New Blu's On the Block - 9/20/2011


Rating: Various

Distributor: Various

Released: Sept 20, 2011


Written by Sara Michelle Fetters





New Blu's On the Block
Blu-ray and DVD Releases for September 20, 2011


While obviously a bit less wondrous than last week’s flurry of incredible Blu-ray and DVD releases, many of today’s newcomers are still pretty exciting. A Disney classic, two stunning efforts from the last French master Claude Chabrol from our friends at the Criterion Collection, an Audrey Hepburn favorite and arguably 2011’s best comedy all hit Blu-ray, while this year’s winner for the Emmy for Best Comedy is available for familial enjoyment in both formats. All-in-all it’s a solid week, and I’m sure it will be just about impossible for even the most nascent pessimist who dislikes everything and anything to not find something worth crowing about.

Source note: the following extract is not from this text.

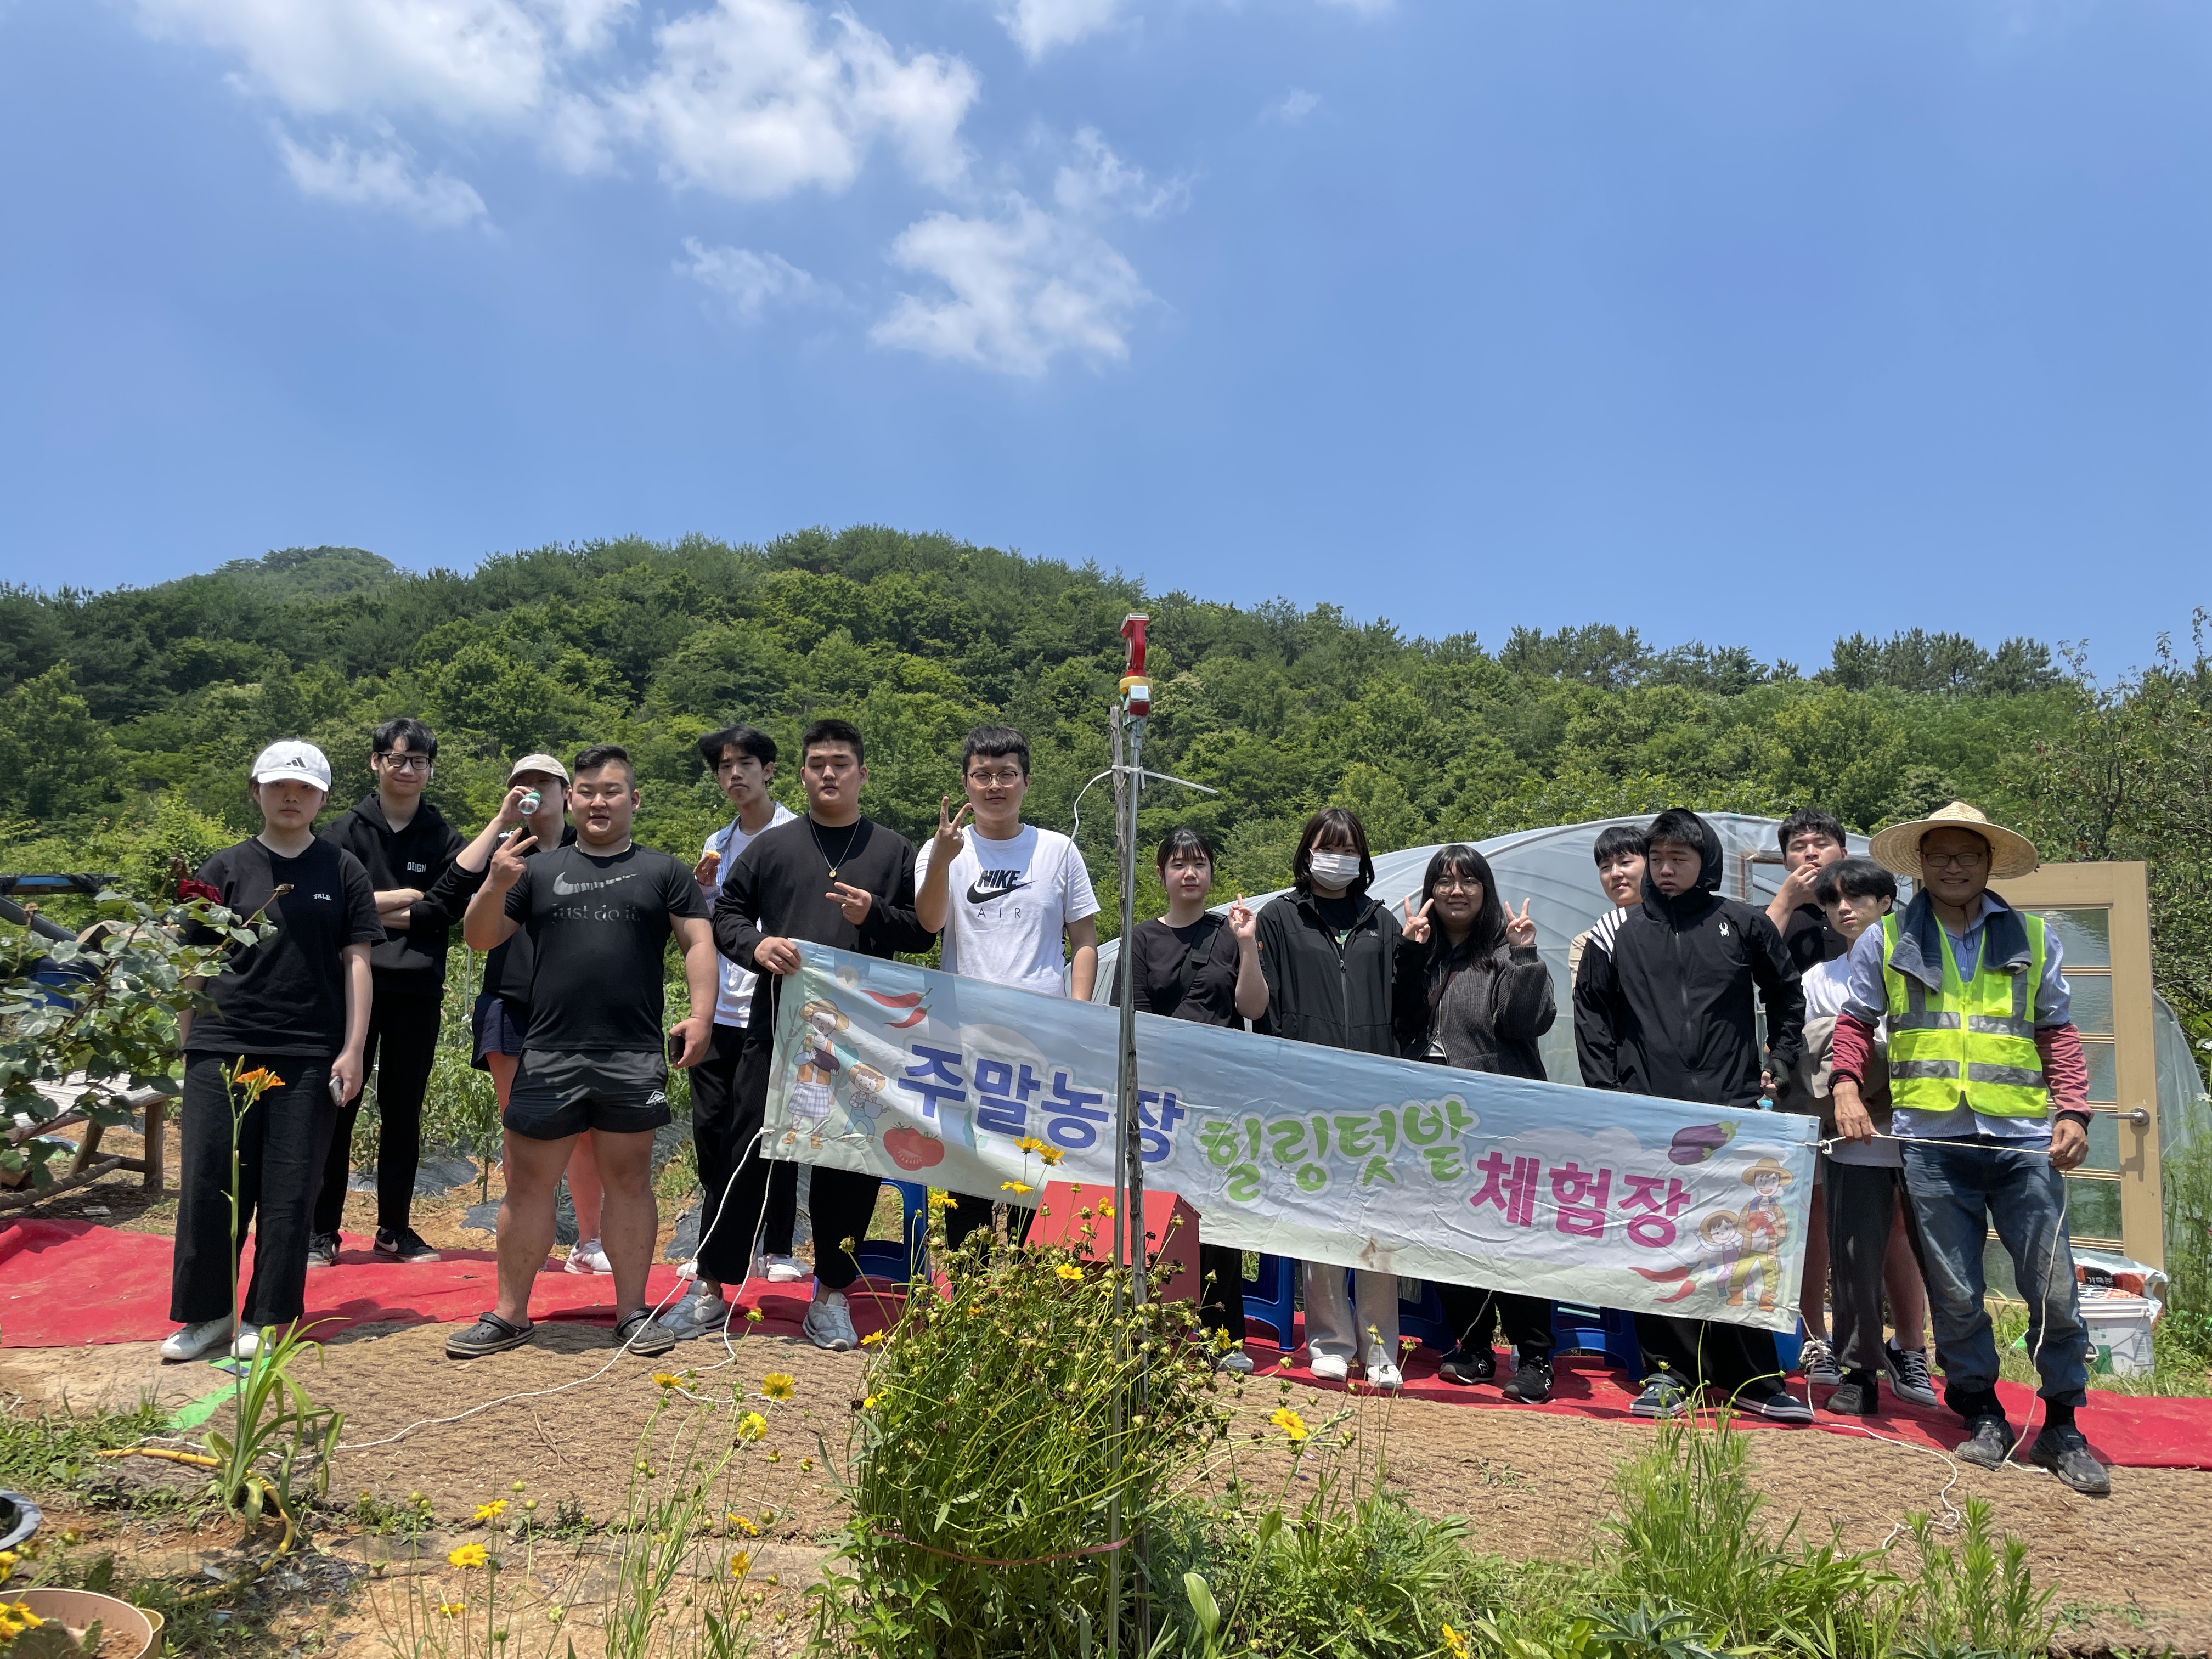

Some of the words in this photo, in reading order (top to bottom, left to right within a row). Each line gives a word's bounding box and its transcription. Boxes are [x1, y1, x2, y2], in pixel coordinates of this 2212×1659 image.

[977, 870, 1021, 889] NIKE
[898, 1044, 1185, 1163] 주말농장
[1199, 1100, 1474, 1201] 힐링텃밭
[1469, 1151, 1691, 1249] 체험장

Dumbo - 70th Anniversary Edition

What’s there to say? Disney’s sublime 1941 classic celebrates its 70th anniversary in grand style, getting a full-blown restoration and marvelous high-definition transfer worthy of a standing ovation. This Blu-ray brings down the big top itself, picture and sound quality so beyond stunning there almost aren’t words to describe it. Another homerun for the Mouse House, I’ll have a full review of this astonishing disc up for you all to take a look at quite soon. Pink elephants, indeed.



Breakfast at Tiffany’s – 5oth Anniversary Edition

Another anniversary release, the glory of Paramount’s Blu-ray presentation of Breakfast at Tiffany’s can be found in the love and in the care they took to restore the film to something close to its original glory. There will be some who will say the studio has been a bit too frugal as far as the DNR process is concerned, that they’ve gotten ride of the film-like sheen of the glossy 50-year-old negative. I’d disagree. To my eye, this new transfer is beyond divine, and having watched this disc twice now I find the image to be borderline perfect. I’ll have a full review up soon, but until then just know I think this is one of the week’s best releases and a disc fans of the film will be besides themselves in glee once they’ve added it to their personal libraries.

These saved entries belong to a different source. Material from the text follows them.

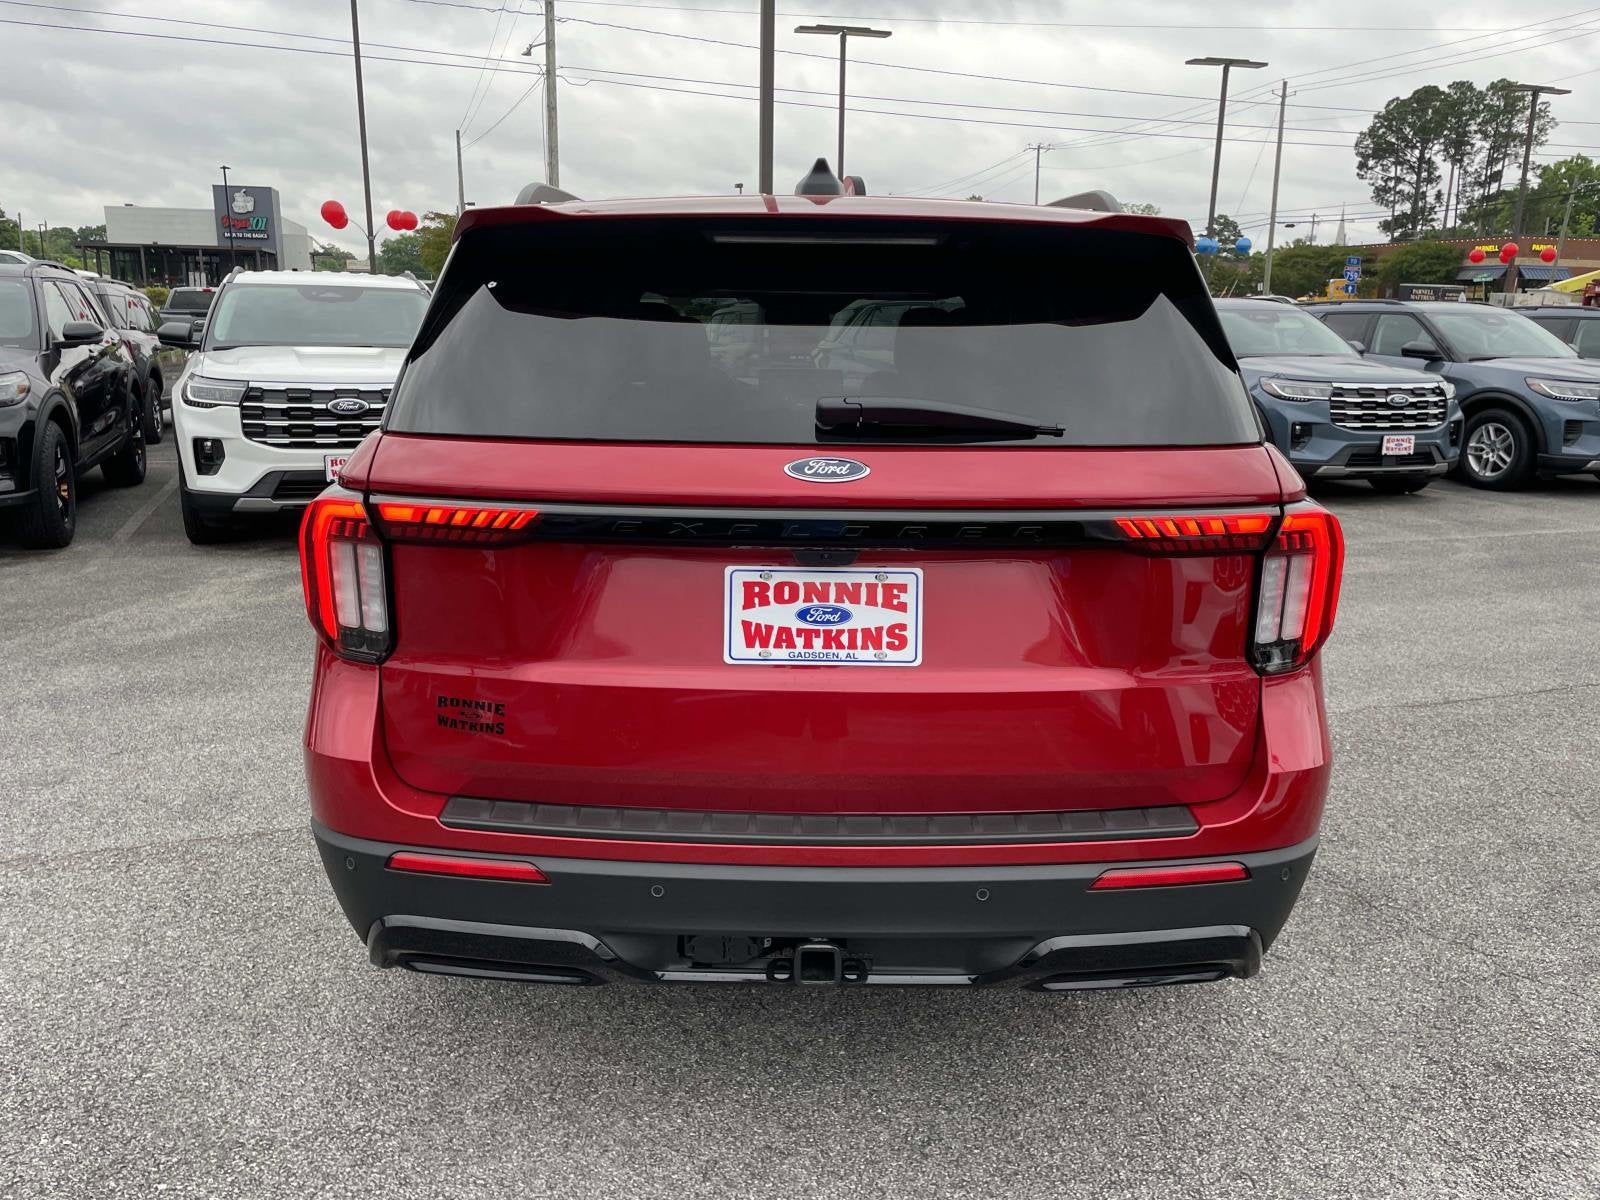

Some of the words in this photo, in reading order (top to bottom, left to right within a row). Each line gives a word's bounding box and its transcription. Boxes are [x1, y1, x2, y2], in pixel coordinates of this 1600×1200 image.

[1346, 271, 1358, 281] 759
[337, 401, 360, 411] Ford
[804, 459, 851, 475] Ford
[611, 520, 1043, 542] EXPLORER
[742, 581, 908, 614] RONNIE
[806, 608, 841, 623] Ford
[741, 619, 909, 652] WATKINS
[788, 651, 842, 661] GADSDEN,
[845, 652, 859, 660] AL
[437, 695, 505, 717] RONNIE
[437, 714, 505, 735] WATKINS

From my original theatrical review posed back in May (read it here): “What’s great about Bridesmaids is how honest it is. These women may be broad, they might be larger than life as far as personality is concerned, but the things they are talking about and the stuff they are dealing with is refreshingly honest. This group talks about things in frank, up-front tones that are sometimes shocking, oftentimes hysterical and almost always true, and because of that no matter how silly events become or how absurd single moments are there is an underlying sincerity that’s positively irrefutable.”




Le Beau Serge

Les Cousins

Two from the late, great French auteur Claude Chabrol courtesy of our friends over at the Criterion Collection, and results couldn’t be any more astonishing. The best of the duo is unquestionably the director’s debut effort Le Beau Serge, this cold, somewhat chilly melodrama a fascination spectacle of angst, insecurity and regret that is every bit as fascinating today as it must have been during its initial 1958 release. A bona fide masterpiece, this sensational bit of emotional trickery is a magnificent bit of cinematic slight-of-hand and an absolute essential for any cineaste even partially interested in the French New Wave.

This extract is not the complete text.